Comparison of the two self-report measures established that the SMPI provided greater discrimination than the depression severity measure, while comparison of the self-report and clinician-rated SMPI measures established the latter as more discriminating of clinically diagnosed melancholic or non-melancholic depression. ROC analyses favoured self-report SMPI distinction of melancholic from non-melancholic depression being most optimally calculated by a 'difference' score of at least four or more melancholic than non-melancholic items being affirmed (sensitivity of 0.69, specificity of 0.77). For the clinician-rated SMPI measure, ROC analyses confirmed the same optimal difference score of four or more as highly discriminating of melancholic and non-melancholic depression (sensitivity of 0.84, specificity of 0.92). As the difference score had positive predictive values of 0.90 and 0.70 (for the respective clinician-rated and self-report SMPI forms) and respective negative predictive values of 0.88 and 0.70, we conclude that the clinician-rated version had superior discrimination than the self-report version.
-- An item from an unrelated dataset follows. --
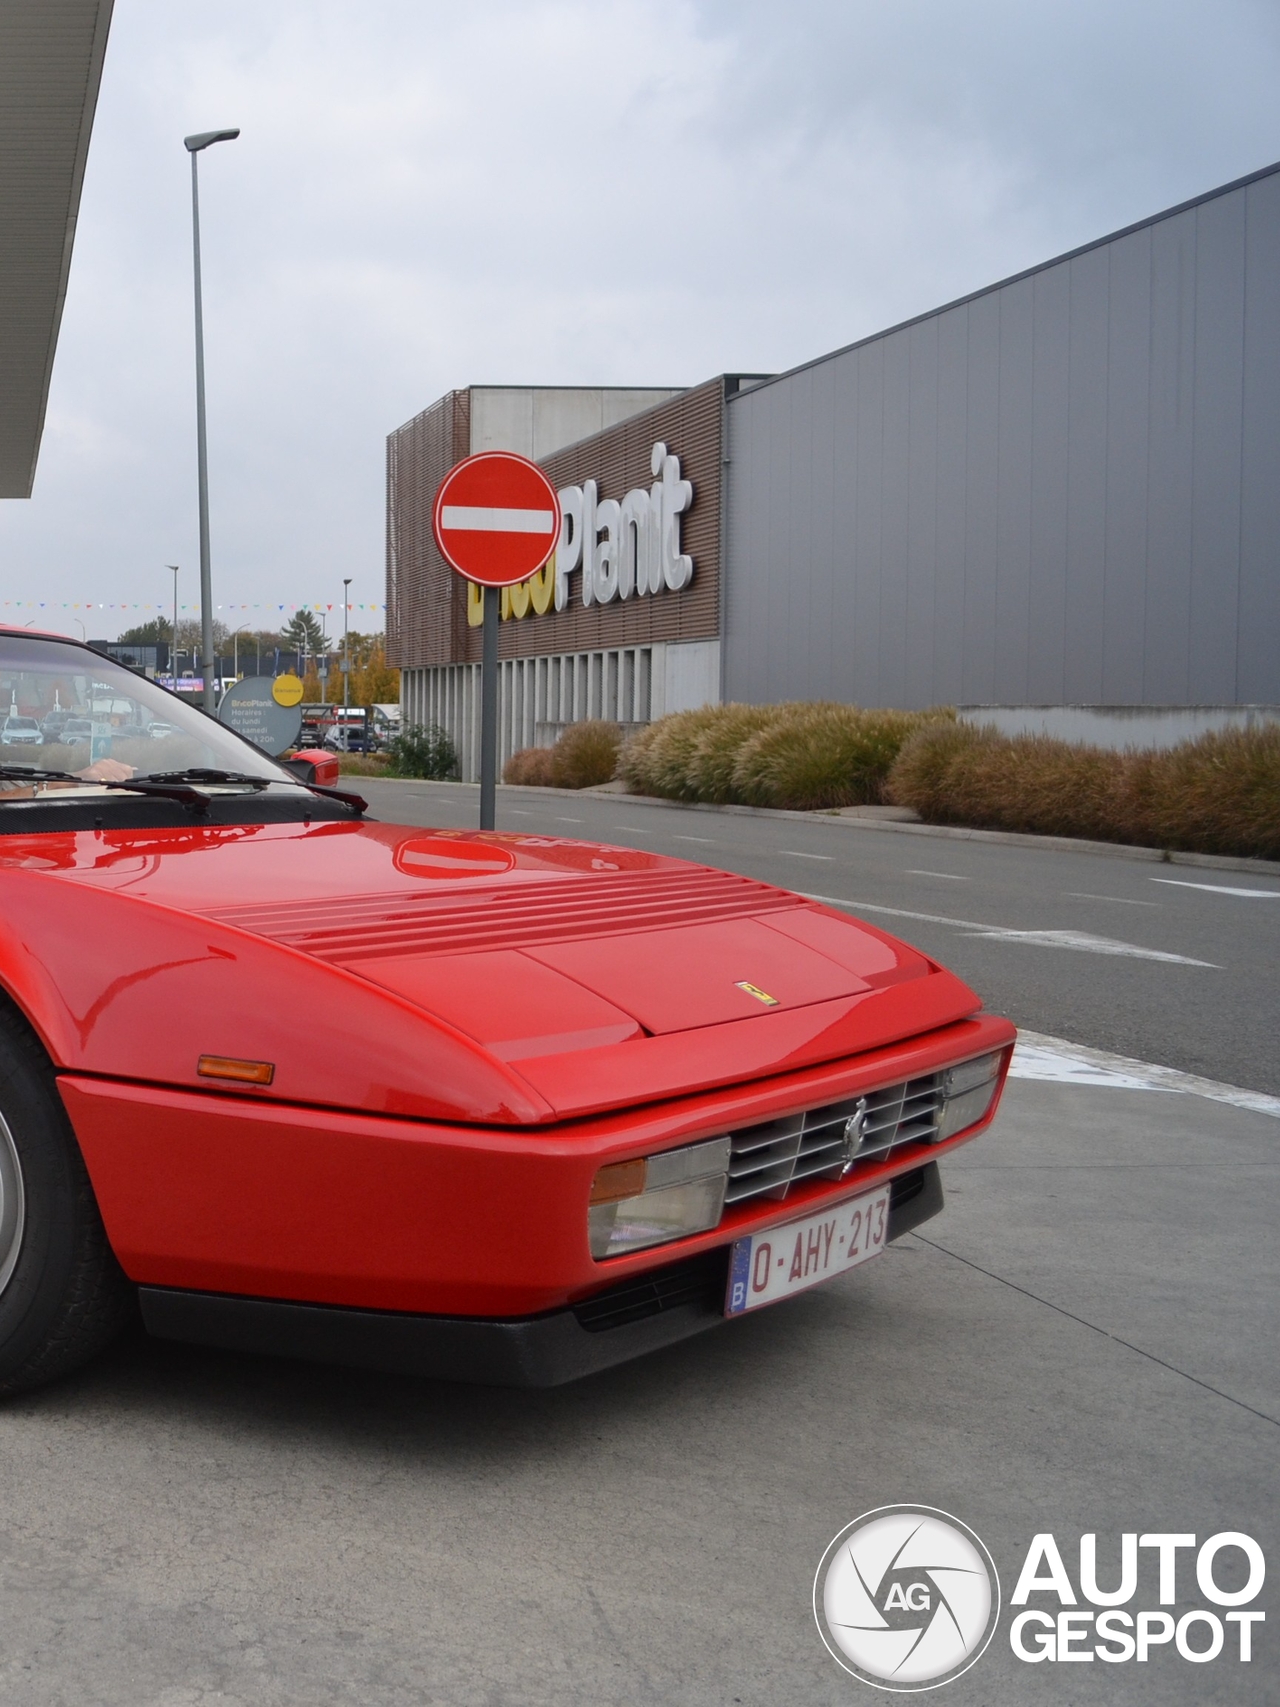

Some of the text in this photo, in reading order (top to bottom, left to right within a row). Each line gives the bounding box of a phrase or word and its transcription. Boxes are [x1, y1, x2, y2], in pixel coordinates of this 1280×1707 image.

External validating data quantified the self-rated and clinician-rated Index-assigned non-melancholic patients having a higher prevalence of anxiety disorders, a higher number of current and lifetime stressors, as well as elevated scores on several personality styles that are viewed as predisposing to and shaping such non-melancholic disorders.

LIMITATIONS

Assigned melancholic and non-melancholic diagnoses were determined by clinician judgement, risking a circularity bias across diagnostic assignment and clinical weighting of melancholic and non-melancholic features. The robustness of the Index requires testing in primary and secondary levels of care settings.

CONCLUSIONS

The clinician-rated SMPI differentiated melancholic and non-melancholic depressed subjects at a higher level of confidence than the self-report SMPI, and with a highly acceptable level of discrimination. The measure is recommended for further testing of its intrinsic and applied properties.